** Records shown **
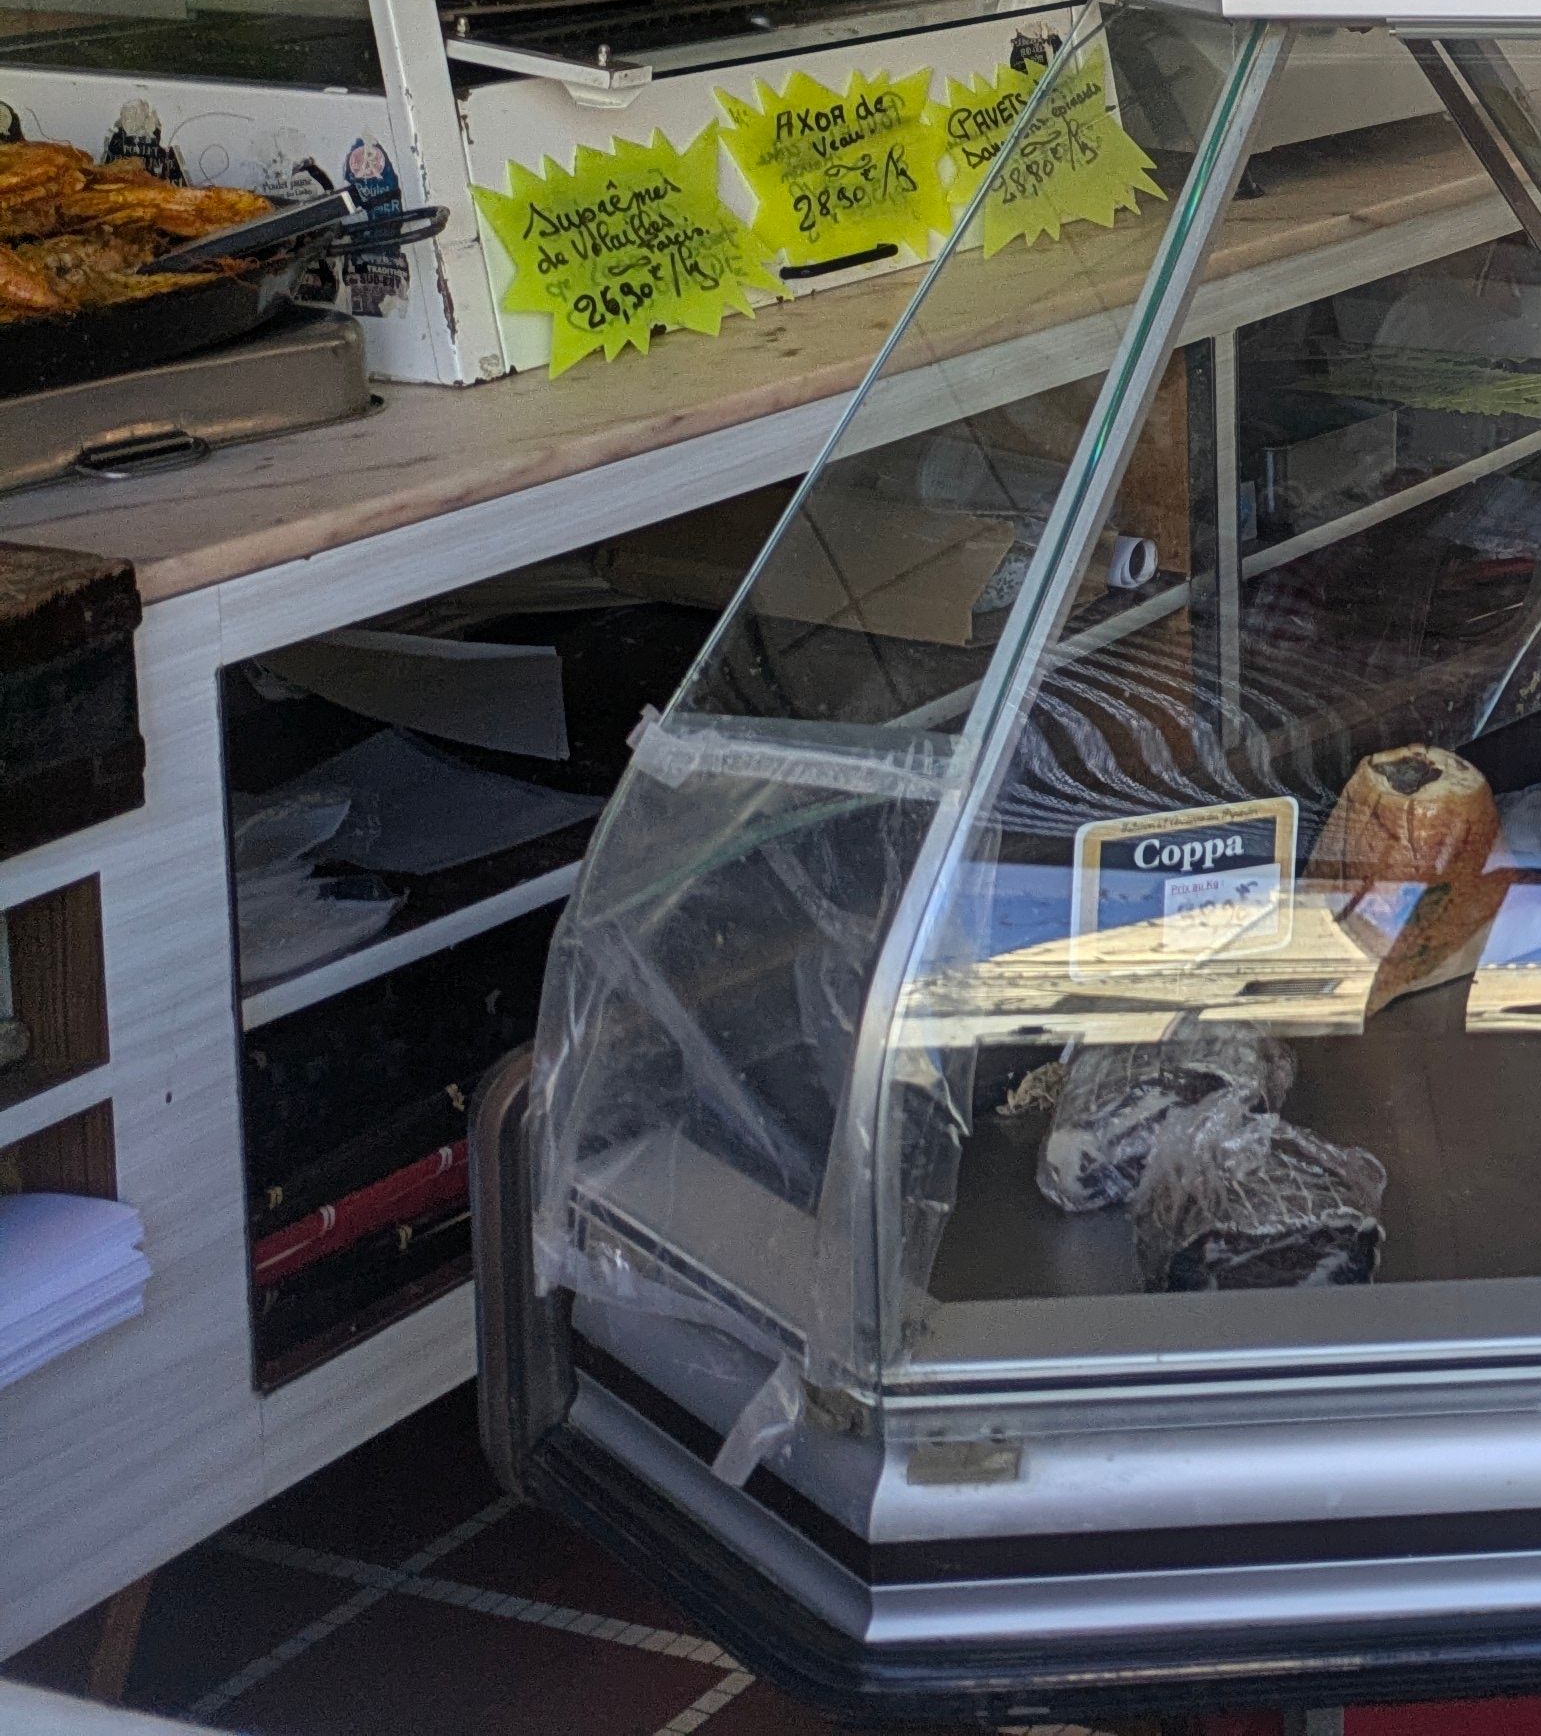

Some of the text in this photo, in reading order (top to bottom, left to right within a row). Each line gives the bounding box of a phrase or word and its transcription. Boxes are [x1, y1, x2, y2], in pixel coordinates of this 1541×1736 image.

[855, 93, 888, 122] de
[537, 244, 570, 275] de
[1133, 834, 1245, 873] Coppa
[1171, 884, 1190, 896] Prix
[1191, 883, 1205, 895] au

** What the task asks **
Each record above should be copied character for character, with pictures dropped.

** Answer for this exercise **
Some of the text in this photo, in reading order (top to bottom, left to right within a row). Each line gives the bounding box of a phrase or word and its transcription. Boxes are [x1, y1, x2, y2], in pixel coordinates of this 1541×1736 image.

[855, 93, 888, 122] de
[537, 244, 570, 275] de
[1133, 834, 1245, 873] Coppa
[1171, 884, 1190, 896] Prix
[1191, 883, 1205, 895] au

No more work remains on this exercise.